2 minute read
New facility protects SKA-Low from unwanted interference
from Contact 16
BY SEBASTIAN NEUWEILER (SKAO)
Ever wondered how we ensure our telescopes will be protected from the electronic noise of the very systems that make them operational? In Australia, a state-of-the art facility has been completed that will help us test technology for radio frequency interference.
The SKA Observatory telescopes will be extremely sensitive instruments – designed to detect the faintest of radio signals from space. Owing to these sensitivities, all electrical equipment needs to be tested to ensure it doesn’t leak radio waves that would impede our ability to detect these faint signals.
SKA-Low RFI-EMC Engineer Paul Van Der Merwe said any technology that has the potential to interfere with the telescopes would need to be shielded in specially designed cases.
“The SKA-Low telescope requires unparalleled radio quietness,” he said. “Any technology used in proximity to the antennas must meet the strictest radio interference requirements.”
One of the best ways to make sure telescope systems and associated hardware are compliant is testing them in a reverberation chamber – a room with metallic walls that reflect sound – before they go to site.

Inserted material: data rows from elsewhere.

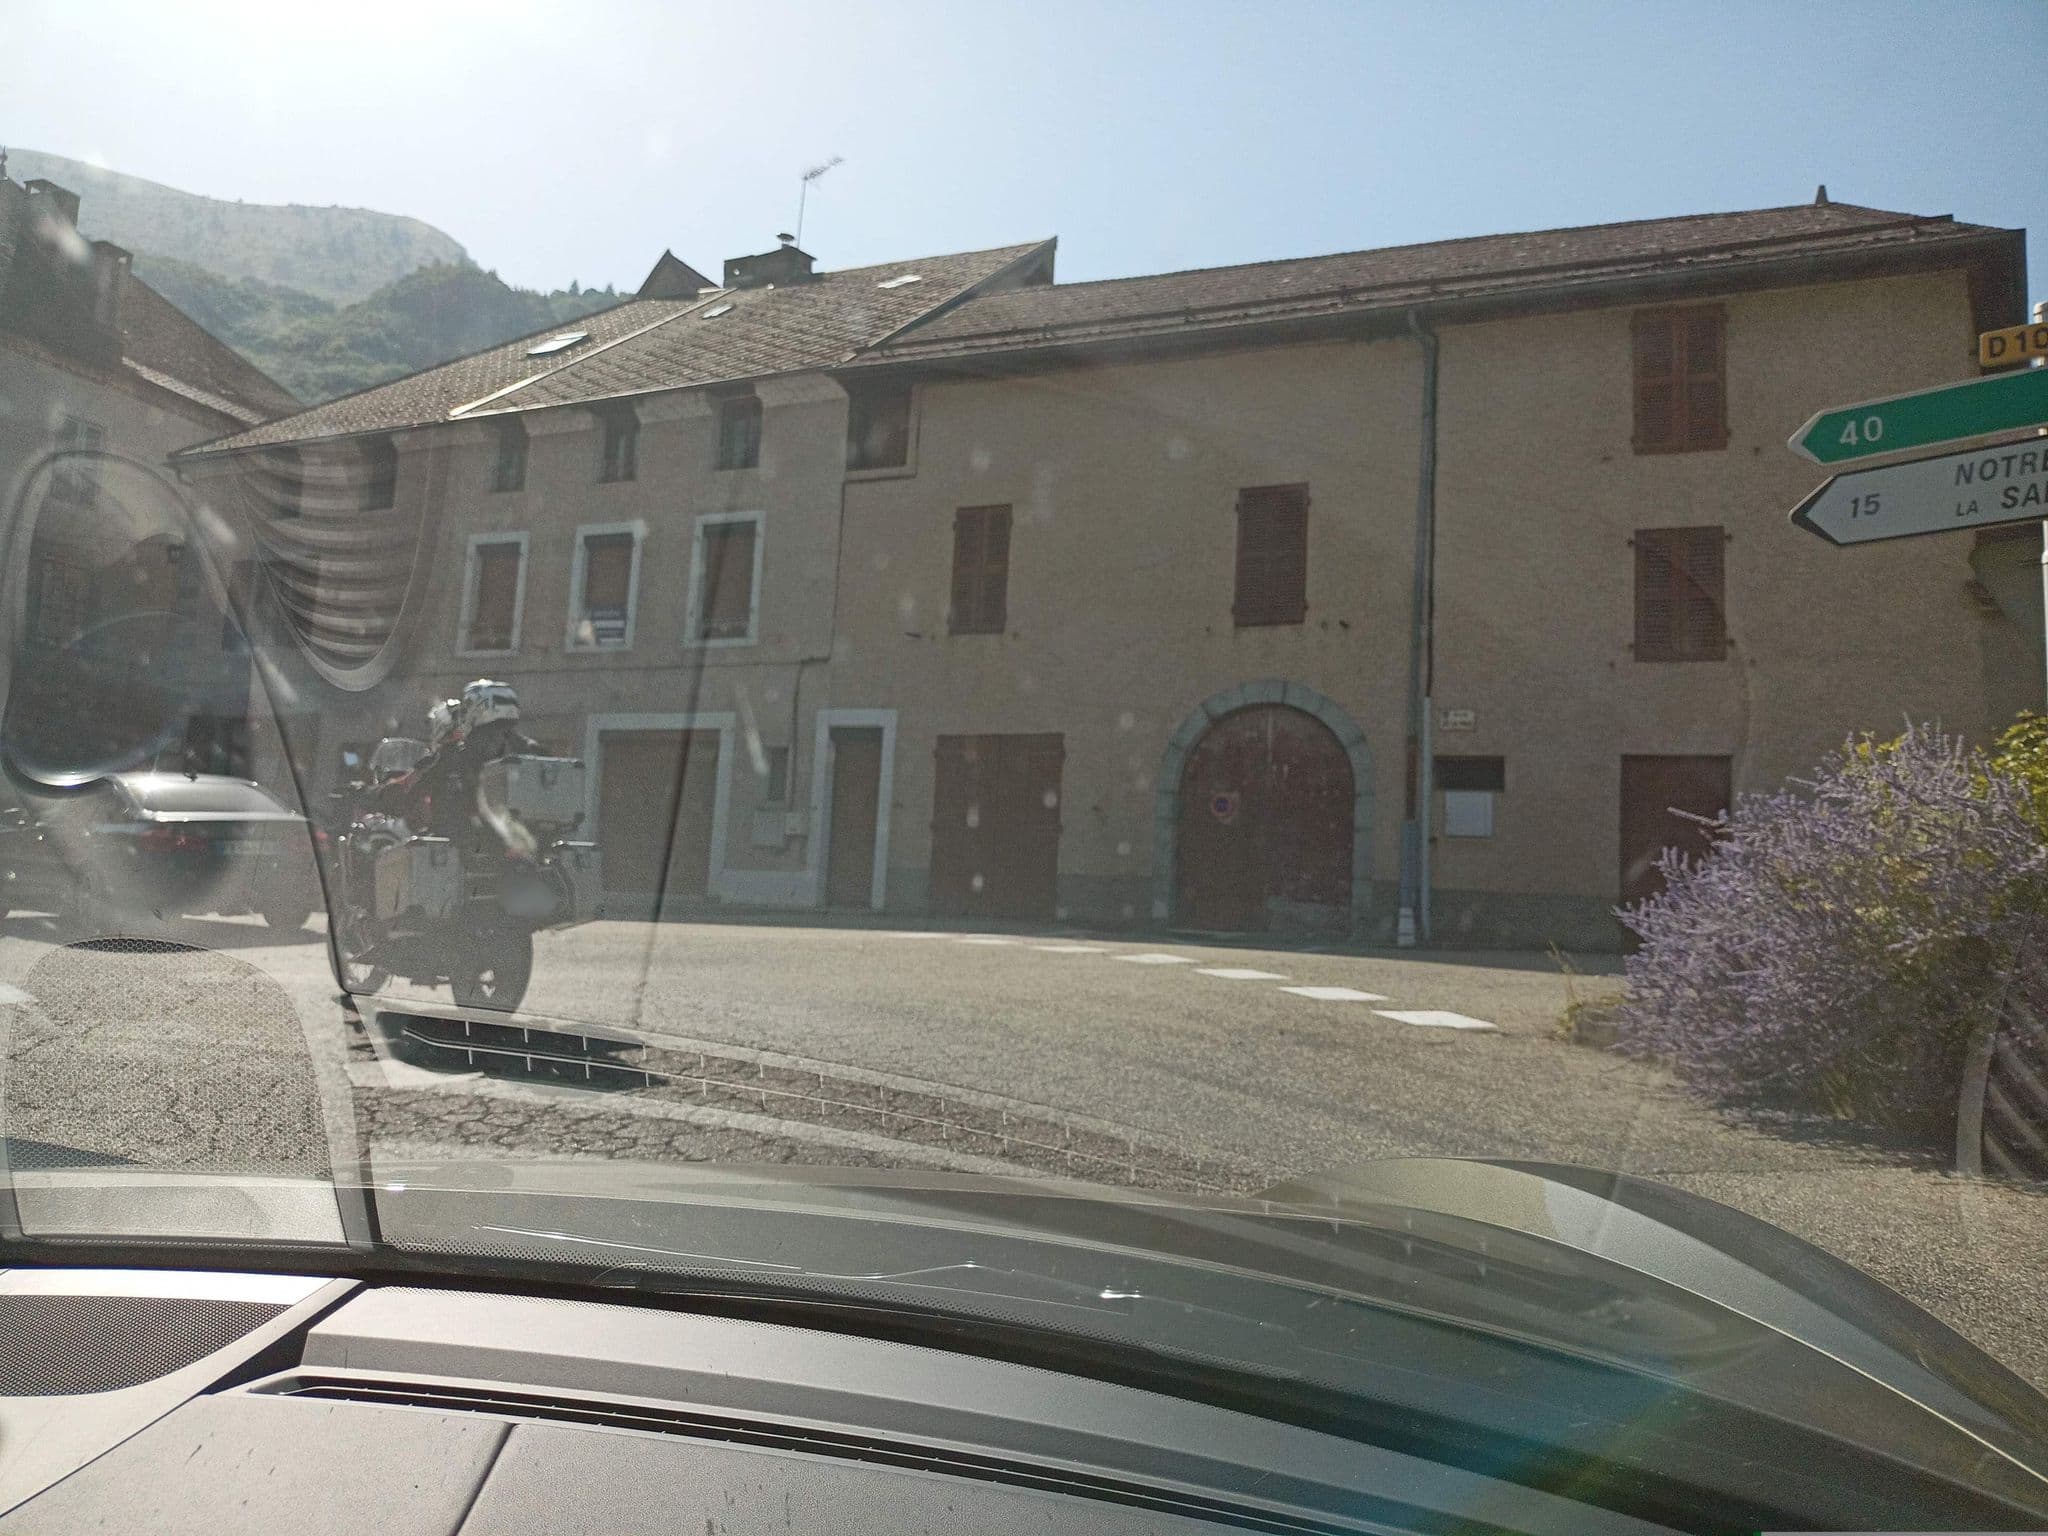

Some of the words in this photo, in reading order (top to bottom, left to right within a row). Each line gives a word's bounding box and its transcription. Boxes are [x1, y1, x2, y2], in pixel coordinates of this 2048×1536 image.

[1839, 416, 1883, 445] 40
[1851, 493, 1880, 518] 15
[1956, 500, 1978, 517] LA
[2001, 482, 2048, 509] SA
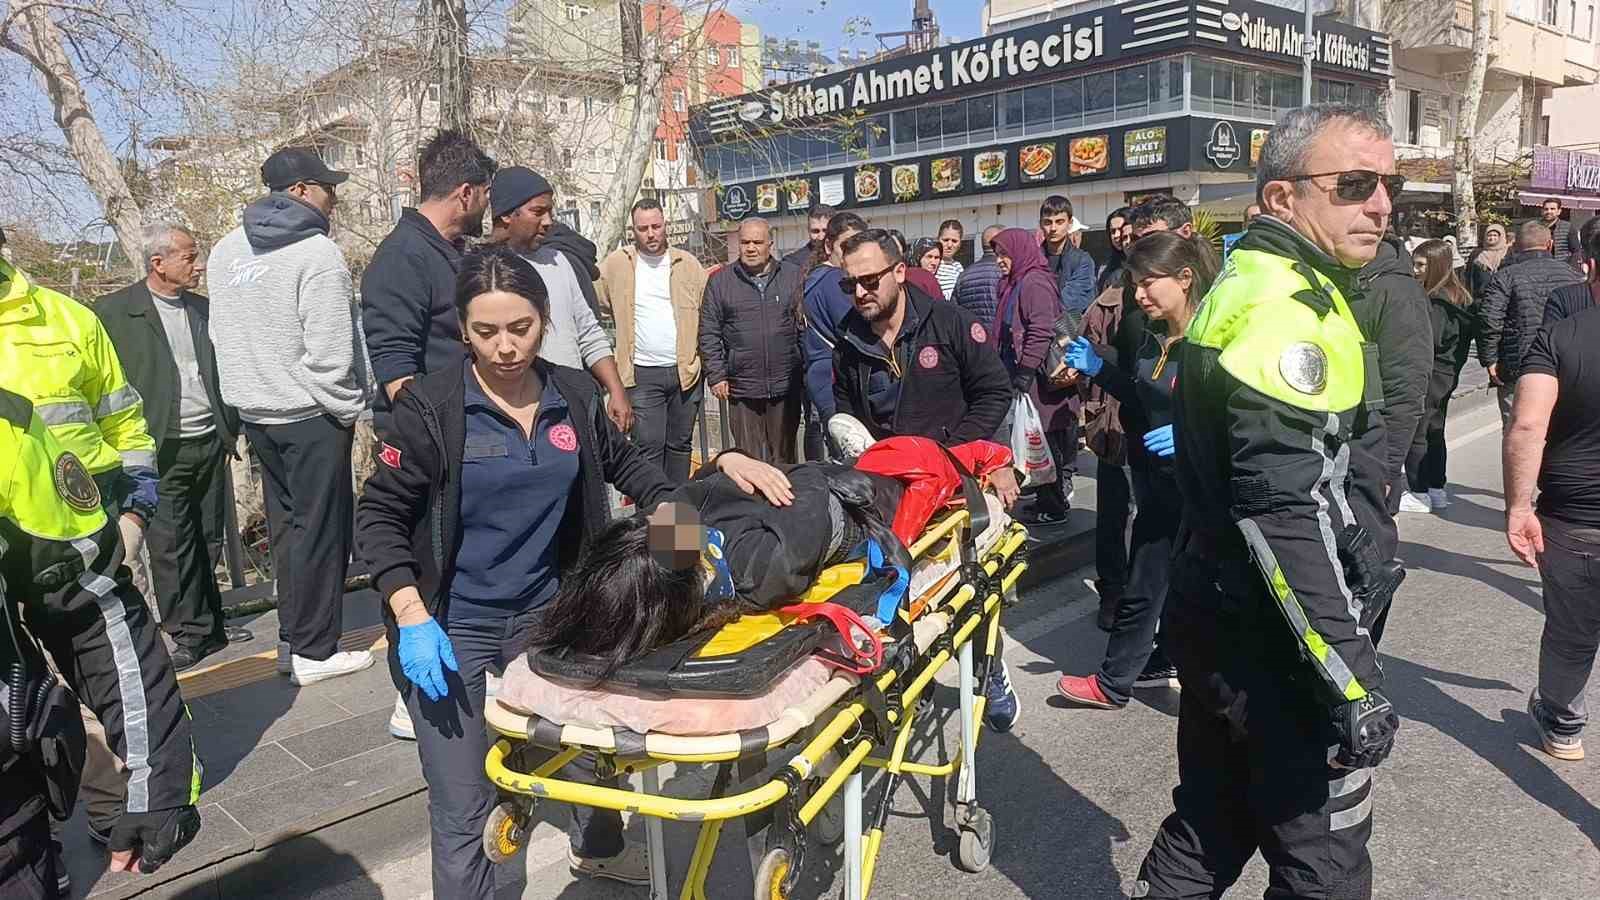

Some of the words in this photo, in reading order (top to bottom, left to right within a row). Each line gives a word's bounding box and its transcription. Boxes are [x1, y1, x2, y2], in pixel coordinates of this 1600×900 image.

[1240, 12, 1281, 52] Sultan
[1324, 33, 1370, 71] Köftecisi
[770, 84, 845, 122] Sultan
[851, 54, 944, 107] Ahmet
[951, 16, 1103, 86] Köftecisi
[1130, 142, 1160, 153] PAKET
[1135, 130, 1155, 140] ALO
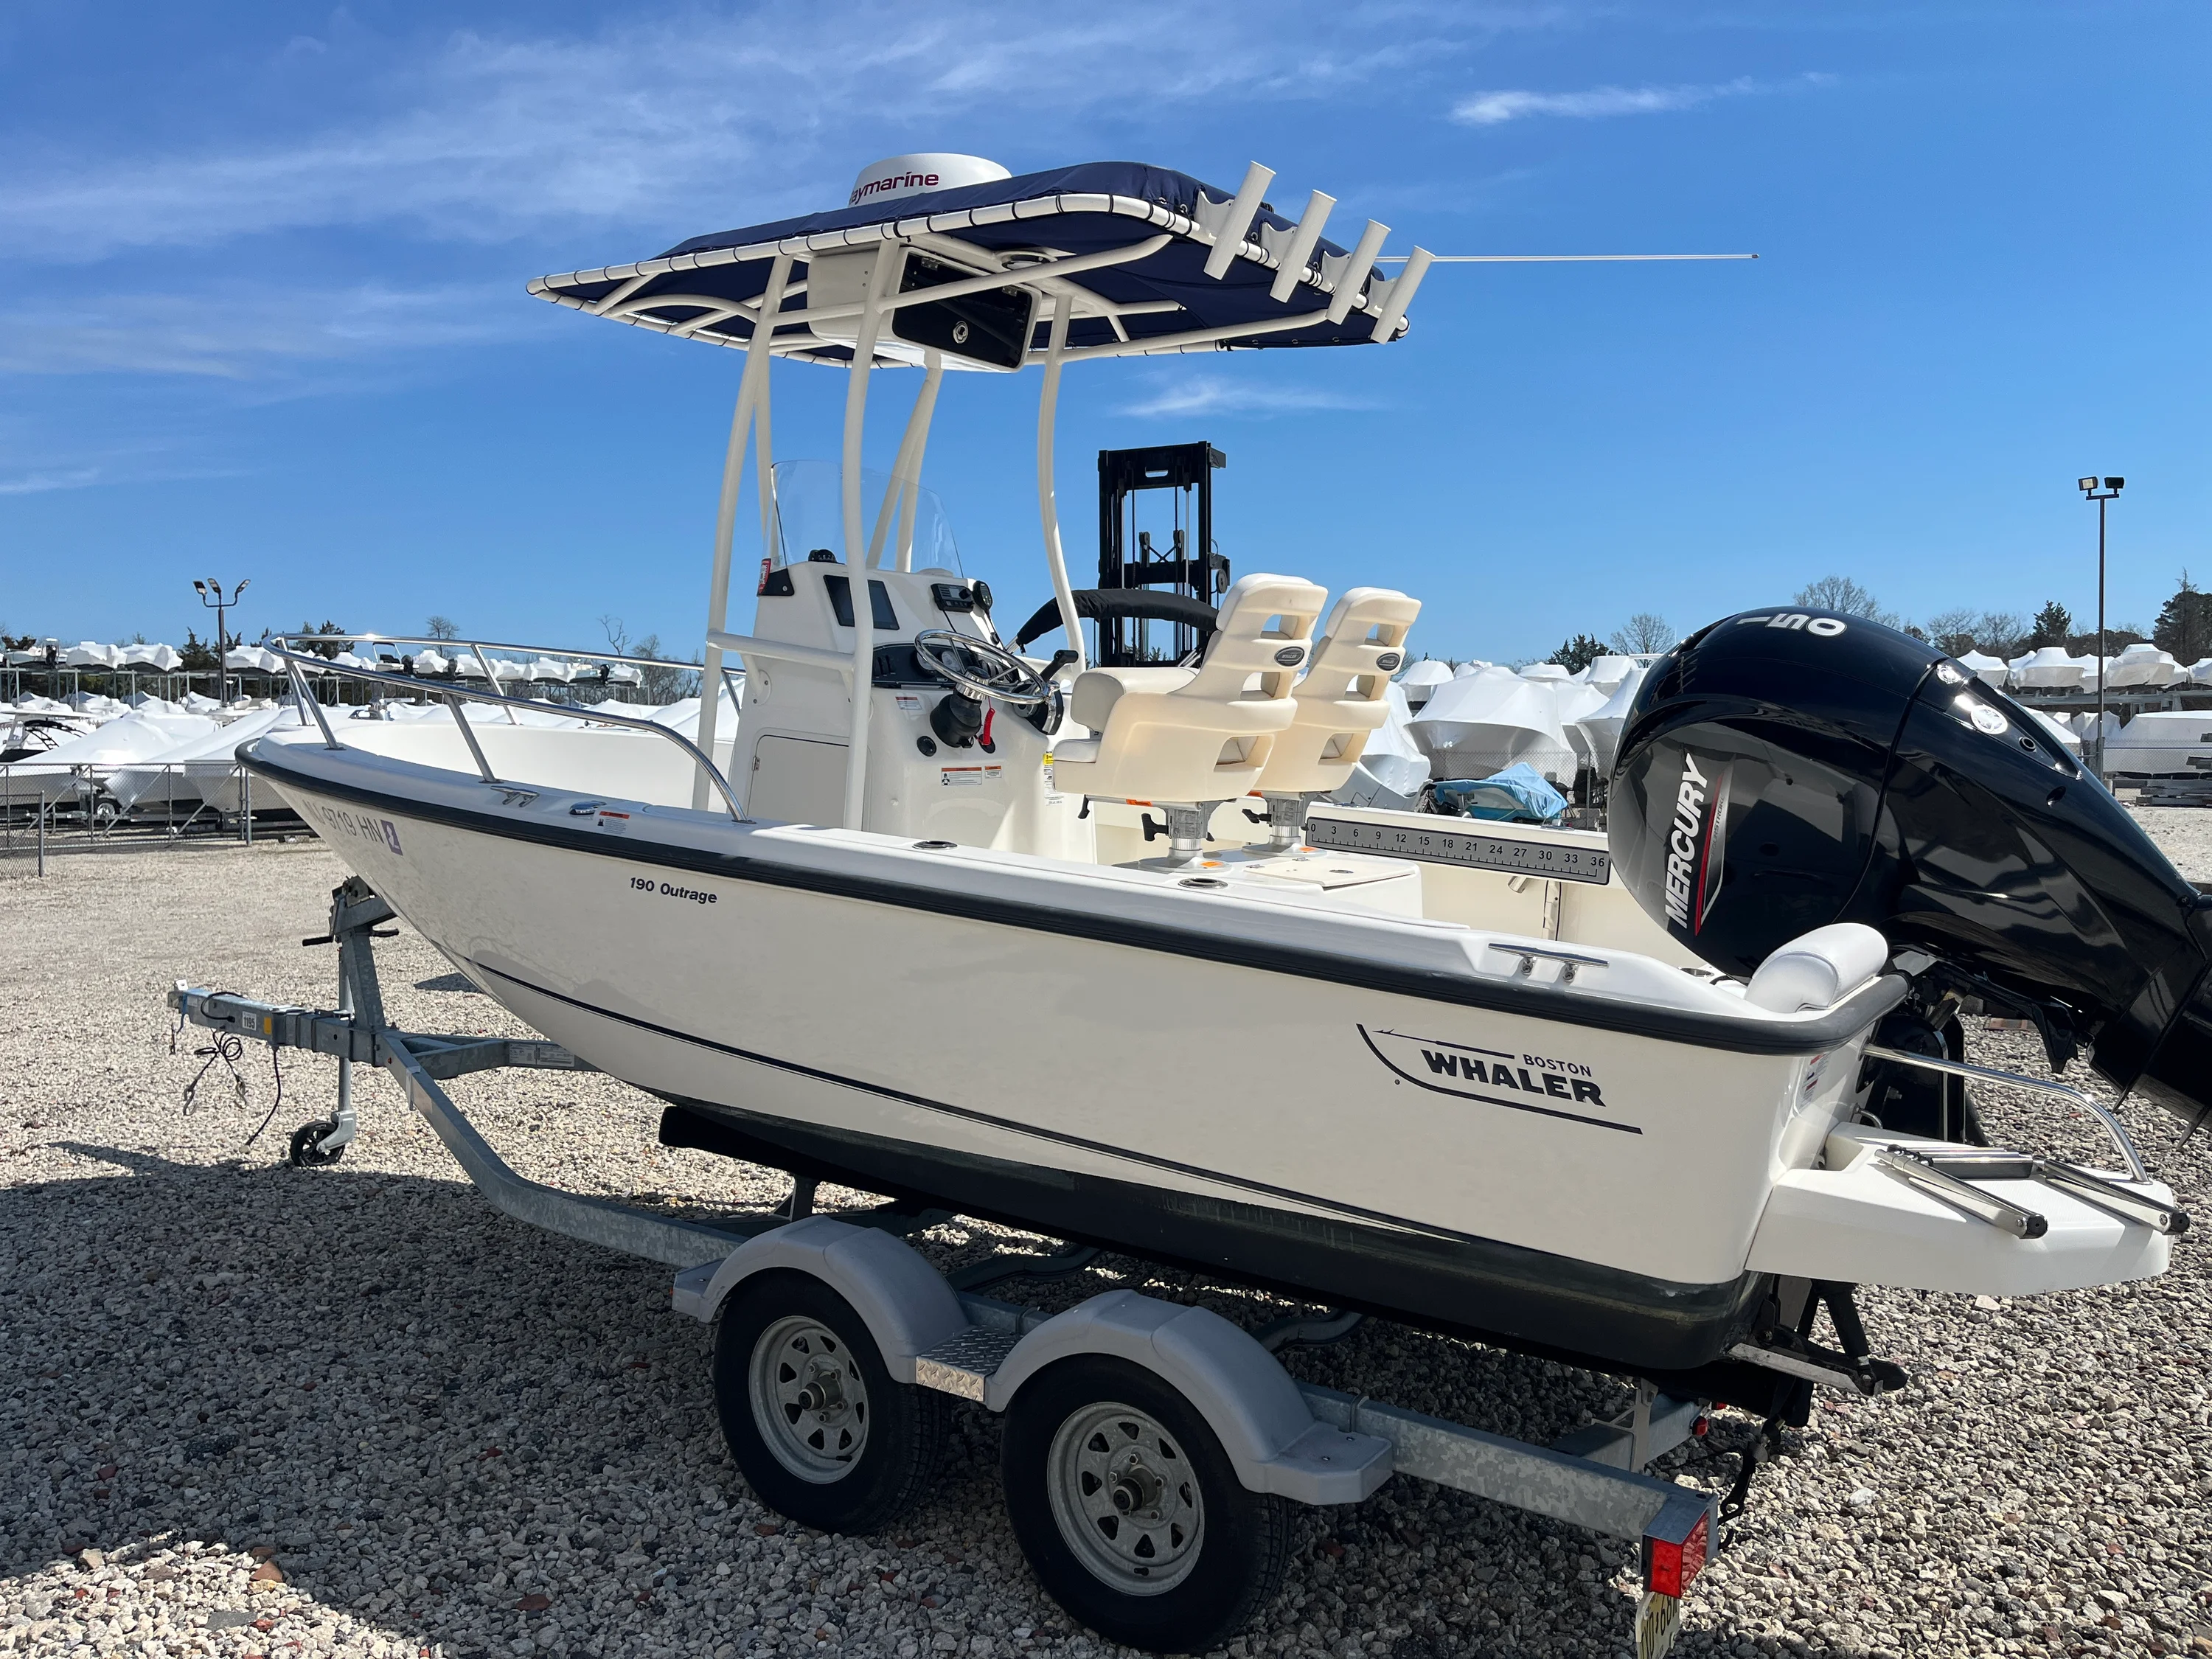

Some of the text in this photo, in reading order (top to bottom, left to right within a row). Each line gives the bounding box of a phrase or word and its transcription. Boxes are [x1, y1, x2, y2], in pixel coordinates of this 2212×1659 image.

[849, 171, 939, 206] aymarine
[1736, 613, 1847, 637] 150
[322, 806, 357, 837] 9719
[355, 815, 385, 844] HN
[1665, 752, 1708, 929] MERCURY
[1310, 824, 1604, 867] 0 3 6 9 12 15 18 21 24 27 30 33 36
[630, 877, 717, 905] 190 Outrage
[1420, 1048, 1606, 1107] WHALER
[1523, 1054, 1592, 1077] BOSTON

EMITE OTA test systems, a high-tech company spun-out from the Technical University of Cartagena in Spain, together with Australian partner company Maser, recently manufactured and installed a reverberation chamber at the SKA-Low Engineering Operations Centre in Western Australia.
The reverberation chamber will be used to characterise the emissions from unshielded technology. This information can then be used to determine the shielding requirements for specific equipment.
So far the team have tested microwaves, radios and custom electronics to identify and prevent possible interference with the telescope, as well as testing the chamber itself for self interference.
EMITE CEO David Sanchez Hernandez said: “Our task is small, a link in the long chain of an extraordinarily complex and challenging project, but one we feel very proud of and acknowledge the confidence that the SKAO project showed in us from minute zero.”
The facility in Australia will be complemented by others elsewhere in the world, including the recently accredited RISE facility in Sweden. RISE has developed instrumentspecific processing software for testing electromagnetic emissions (EMC) from the extremely sensitive radio receivers and other electronic products for the telescopes.